Work instruction:
The lines below must be transcribed exactly as given, with the images removed.
[Start of section]
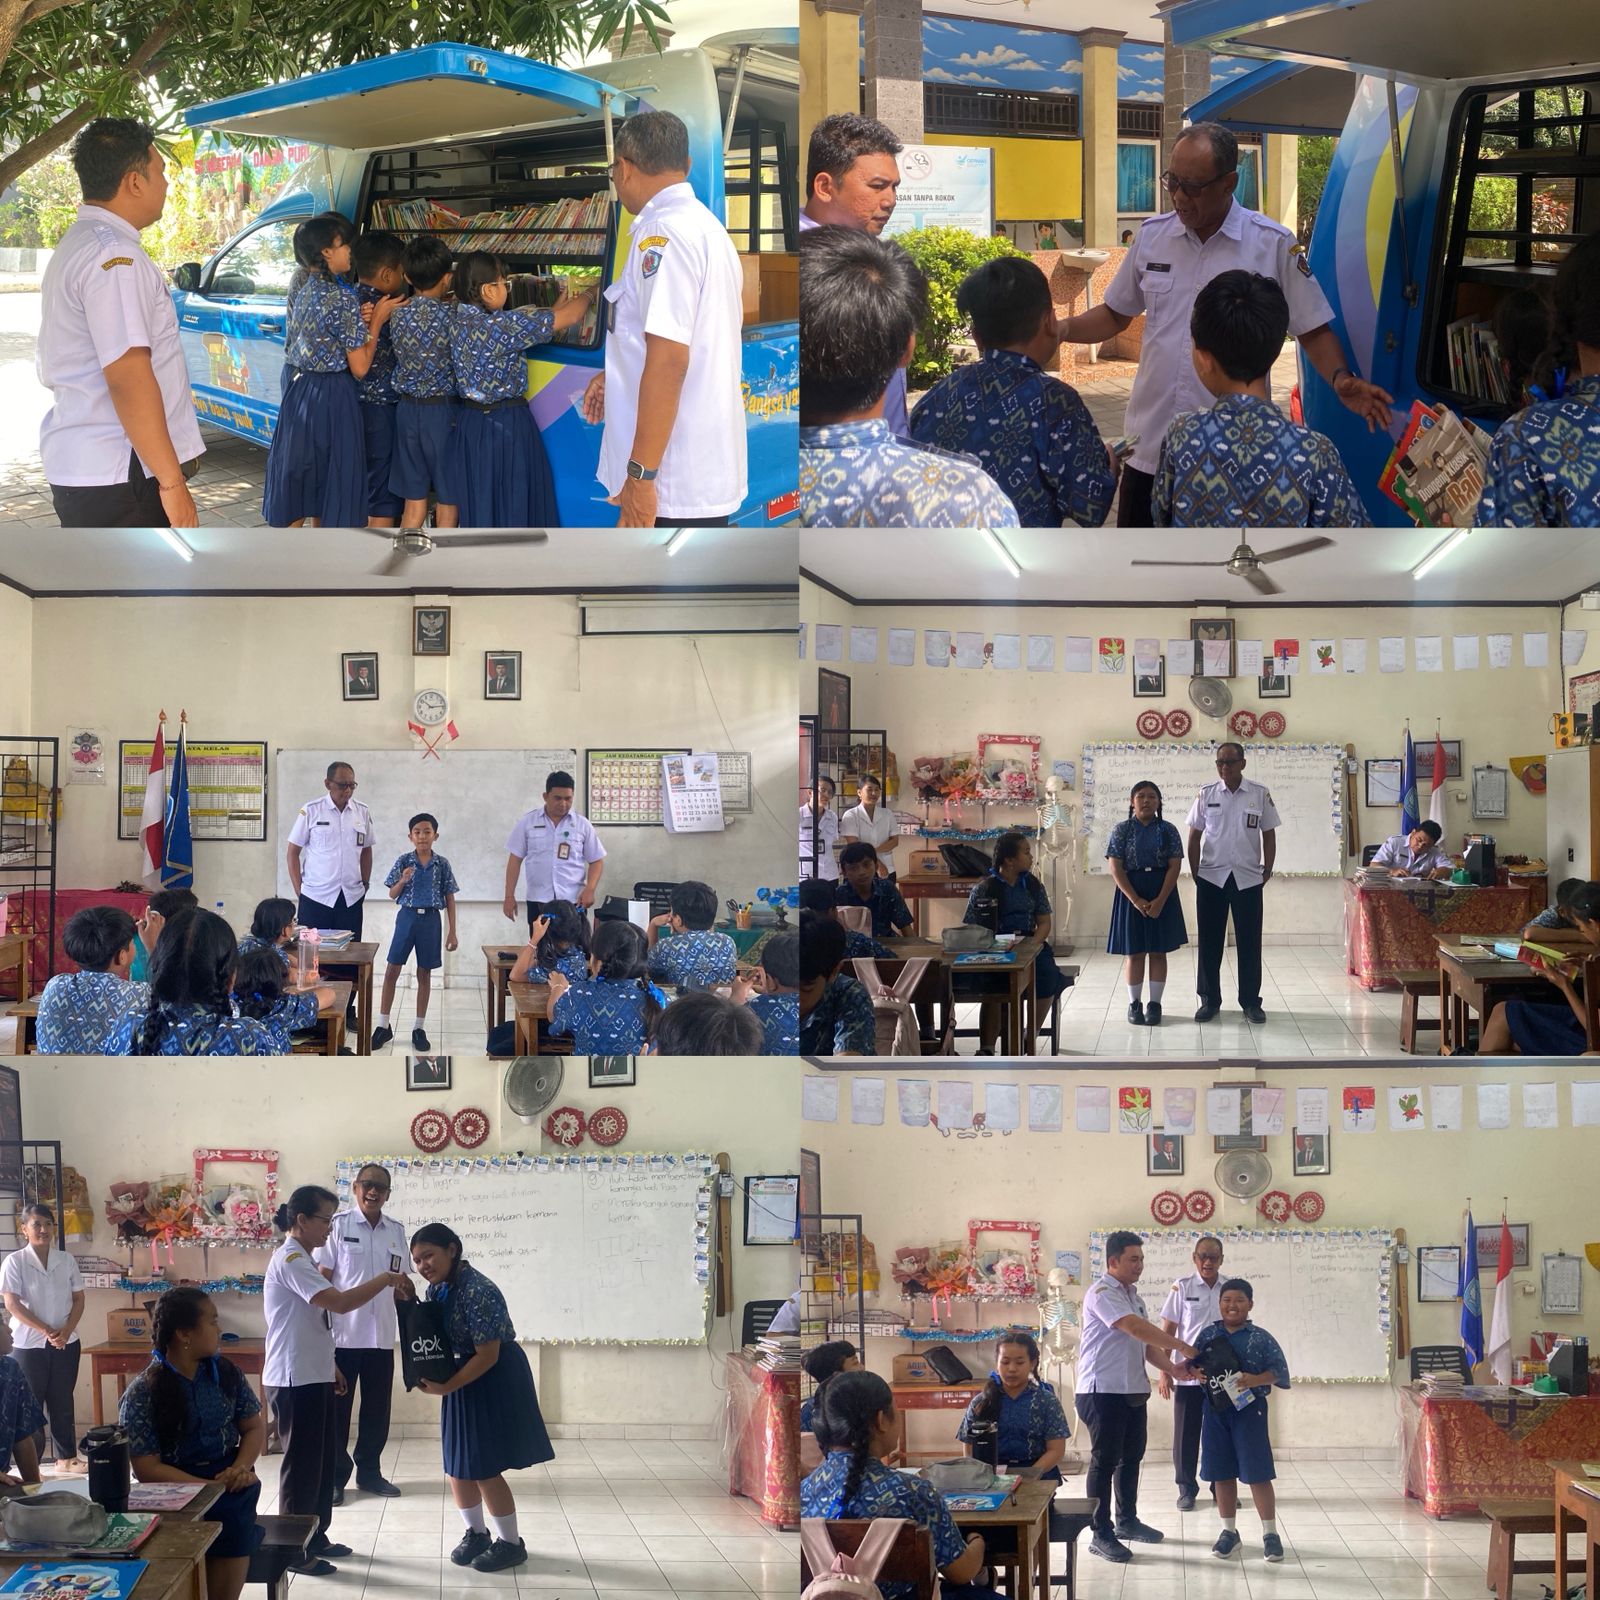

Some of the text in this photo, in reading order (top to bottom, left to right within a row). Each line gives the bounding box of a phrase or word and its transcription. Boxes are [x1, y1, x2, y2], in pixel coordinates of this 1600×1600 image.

[1418, 470, 1451, 502] Dongeng
[1445, 462, 1485, 515] Bali
[124, 1318, 146, 1327] AQUA
[411, 1334, 442, 1355] dpk
[906, 1361, 927, 1369] AQUA
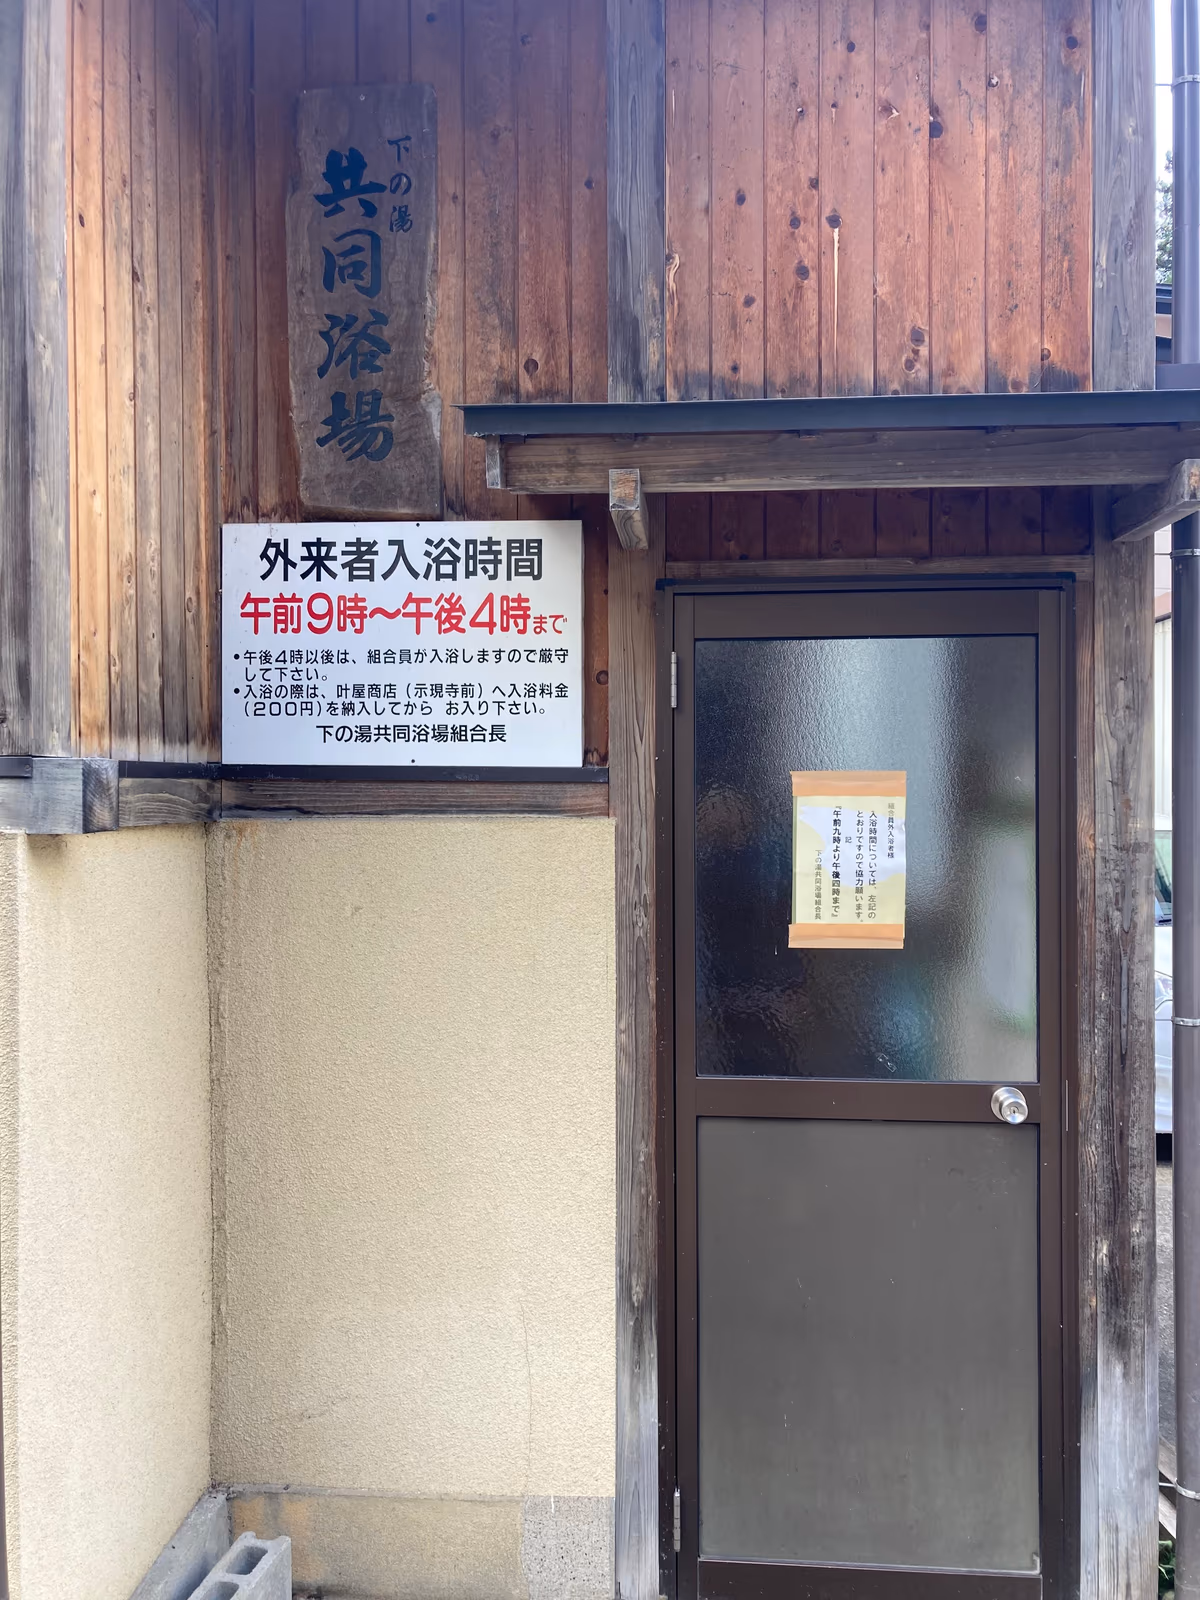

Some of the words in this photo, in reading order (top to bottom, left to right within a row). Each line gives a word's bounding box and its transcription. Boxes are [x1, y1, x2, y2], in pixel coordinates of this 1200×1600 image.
[End of section]
Answer space:
Some of the text in this photo, in reading order (top to bottom, left to right within a row). Each line gives the bounding box of a phrase or word and its transcription. Boxes are [x1, y1, x2, y2], in pixel coordinates of this 1600×1600 image.

[1418, 470, 1451, 502] Dongeng
[1445, 462, 1485, 515] Bali
[124, 1318, 146, 1327] AQUA
[411, 1334, 442, 1355] dpk
[906, 1361, 927, 1369] AQUA

Some of the words in this photo, in reading order (top to bottom, left to right within a row). Each line gives a word's bounding box and its transcription. Boxes are [x1, y1, x2, y2], in pixel coordinates of this 1200×1600 image.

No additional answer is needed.